To do
Reproduce all the lines below exactly and omit the images.

[Opening Data extract section]

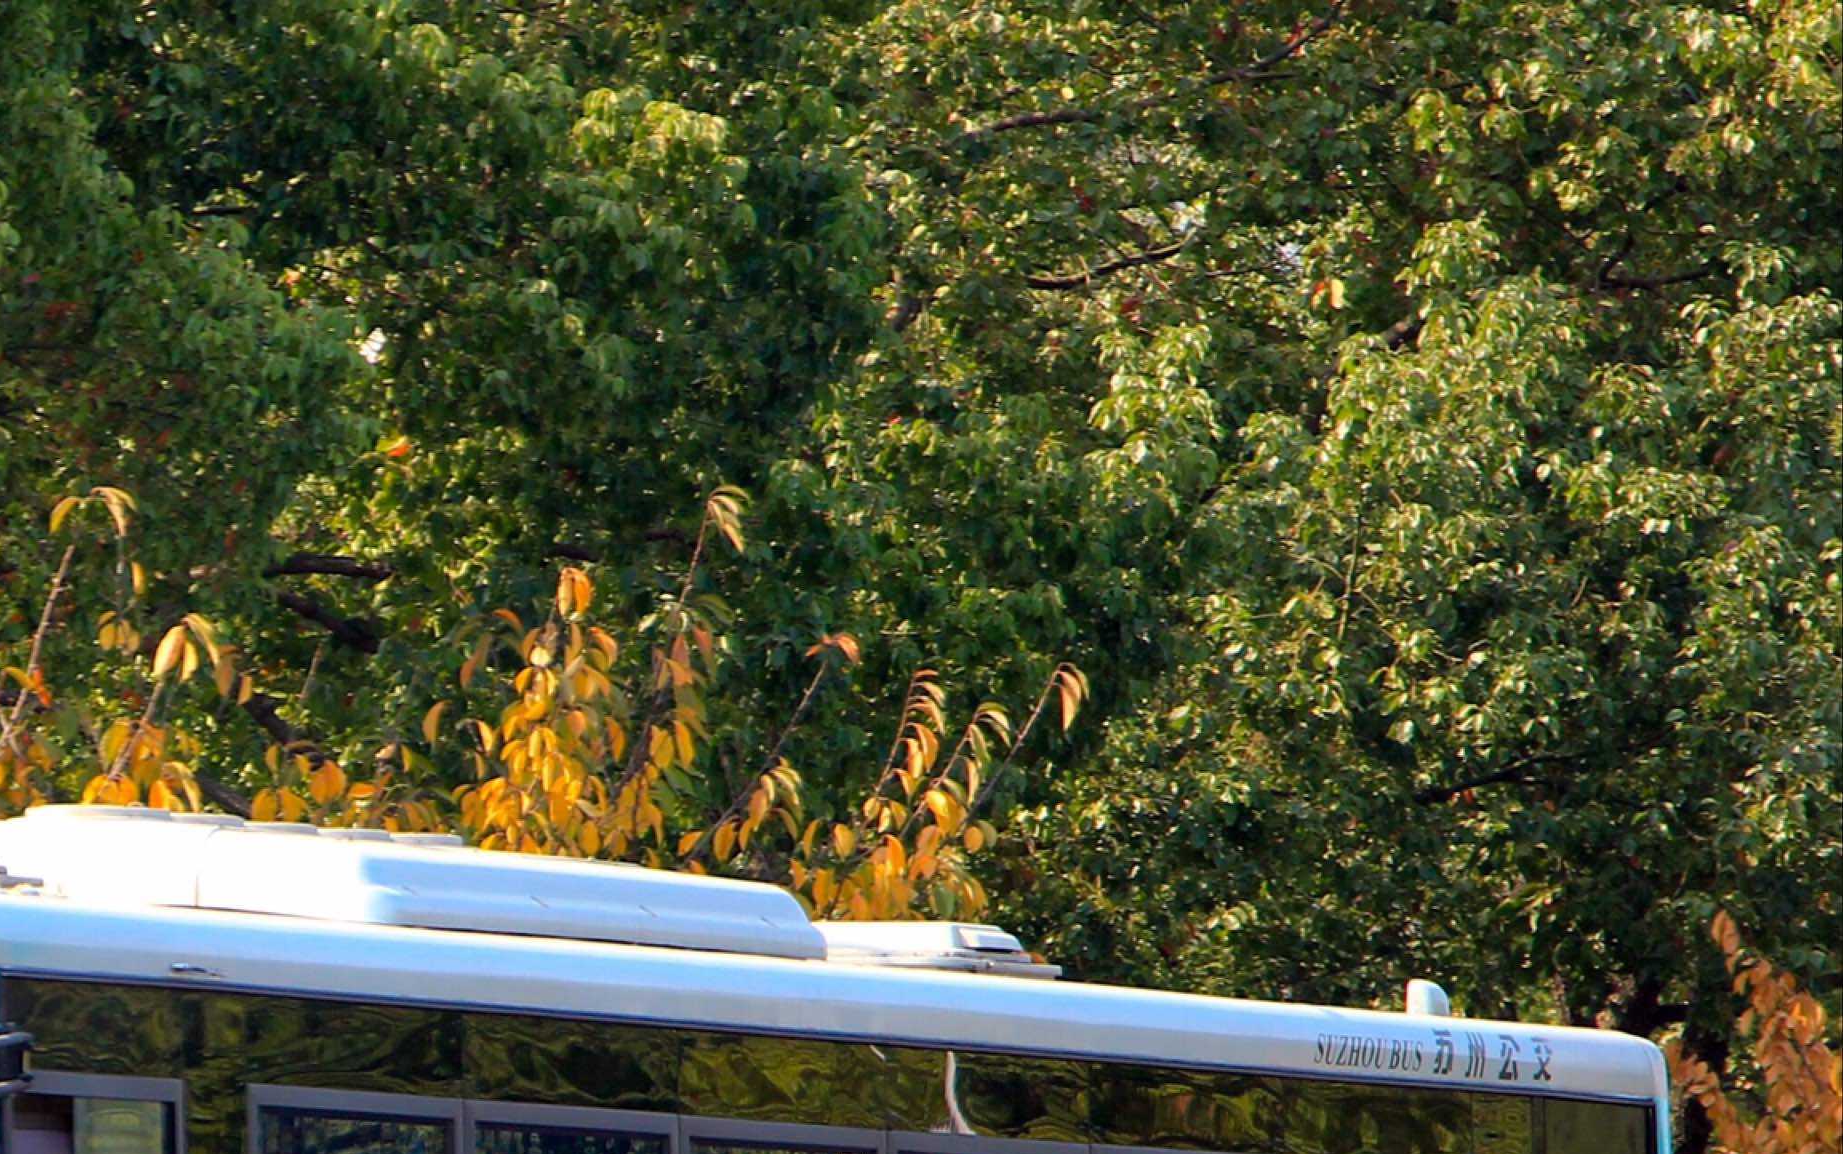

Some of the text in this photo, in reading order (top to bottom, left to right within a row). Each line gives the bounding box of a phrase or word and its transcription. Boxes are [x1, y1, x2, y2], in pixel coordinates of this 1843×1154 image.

[1314, 1031, 1423, 1071] SUZHOU BUS
[1431, 1028, 1553, 1081] 苏州公交
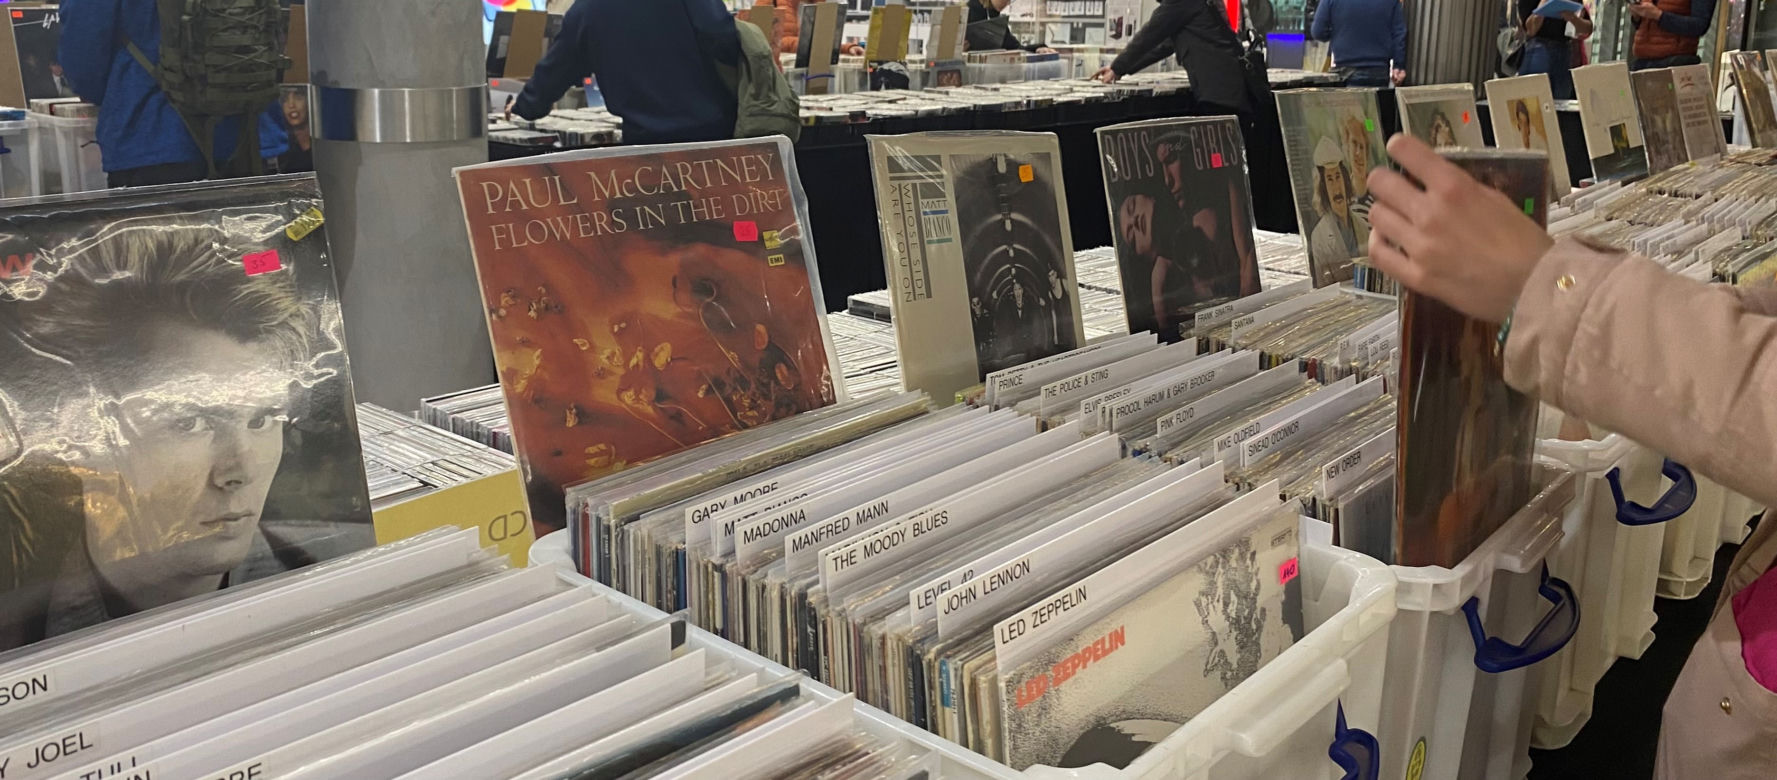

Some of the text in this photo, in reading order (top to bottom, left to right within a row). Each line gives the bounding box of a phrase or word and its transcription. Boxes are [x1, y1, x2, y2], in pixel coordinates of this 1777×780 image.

[1104, 130, 1154, 183] BOYS
[1190, 123, 1238, 170] GIRLS
[480, 153, 775, 215] PAUL McCARTNEY
[489, 188, 785, 251] FLOWERS IN THE DIRT
[921, 200, 948, 209] MATT
[889, 184, 913, 303] ARE YOU ON
[903, 184, 925, 301] WHOSE SIDE
[923, 215, 952, 239] BIANCO
[769, 256, 783, 265] EMI
[1197, 305, 1234, 323] FRANK SINATRA
[1234, 316, 1254, 330] SANTANA
[999, 374, 1023, 391] PRINCE
[1044, 385, 1057, 398] THE
[1060, 378, 1082, 393] POLICE
[1091, 369, 1109, 383] STING
[1116, 400, 1142, 419] PROCOL
[1143, 390, 1165, 411] HARUM
[1172, 380, 1188, 397] GARY
[1190, 370, 1215, 389] BROOKER
[1160, 407, 1194, 431] PINK FLOYD
[1217, 422, 1261, 453] MIKE OLDFIELD
[1248, 421, 1300, 457] SINEAD O'CONNOR
[1326, 451, 1362, 482] NEW ORDER
[488, 510, 527, 542] CD
[691, 500, 727, 524] GARY
[743, 509, 807, 544] MADONNA
[792, 517, 851, 554] MANFRED
[856, 500, 889, 526] MANN
[832, 550, 857, 573] THE
[863, 527, 907, 560] MOODY
[912, 510, 949, 538] BLUES
[917, 569, 975, 610] LEVEL 42
[943, 558, 1031, 616] JOHN LENNON
[1000, 585, 1088, 645] LED ZEPPELIN
[1016, 673, 1048, 709] LED
[1050, 625, 1126, 688] ZEPPELIN
[26, 731, 94, 769] JOEL

[Closing Data extract section]

Answer to this problem
Some of the text in this photo, in reading order (top to bottom, left to right within a row). Each line gives the bounding box of a phrase or word and its transcription. Boxes are [x1, y1, x2, y2], in pixel coordinates of this 1843×1154 image.

[1314, 1031, 1423, 1071] SUZHOU BUS
[1431, 1028, 1553, 1081] 苏州公交

Some of the text in this photo, in reading order (top to bottom, left to right within a row). Each line gives the bounding box of a phrase or word and its transcription. Boxes are [x1, y1, x2, y2], in pixel coordinates of this 1777×780 image.

[1104, 130, 1154, 183] BOYS
[1190, 123, 1238, 170] GIRLS
[480, 153, 775, 215] PAUL McCARTNEY
[489, 188, 785, 251] FLOWERS IN THE DIRT
[921, 200, 948, 209] MATT
[889, 184, 913, 303] ARE YOU ON
[903, 184, 925, 301] WHOSE SIDE
[923, 215, 952, 239] BIANCO
[769, 256, 783, 265] EMI
[1197, 305, 1234, 323] FRANK SINATRA
[1234, 316, 1254, 330] SANTANA
[999, 374, 1023, 391] PRINCE
[1044, 385, 1057, 398] THE
[1060, 378, 1082, 393] POLICE
[1091, 369, 1109, 383] STING
[1116, 400, 1142, 419] PROCOL
[1143, 390, 1165, 411] HARUM
[1172, 380, 1188, 397] GARY
[1190, 370, 1215, 389] BROOKER
[1160, 407, 1194, 431] PINK FLOYD
[1217, 422, 1261, 453] MIKE OLDFIELD
[1248, 421, 1300, 457] SINEAD O'CONNOR
[1326, 451, 1362, 482] NEW ORDER
[488, 510, 527, 542] CD
[691, 500, 727, 524] GARY
[743, 509, 807, 544] MADONNA
[792, 517, 851, 554] MANFRED
[856, 500, 889, 526] MANN
[832, 550, 857, 573] THE
[863, 527, 907, 560] MOODY
[912, 510, 949, 538] BLUES
[917, 569, 975, 610] LEVEL 42
[943, 558, 1031, 616] JOHN LENNON
[1000, 585, 1088, 645] LED ZEPPELIN
[1016, 673, 1048, 709] LED
[1050, 625, 1126, 688] ZEPPELIN
[26, 731, 94, 769] JOEL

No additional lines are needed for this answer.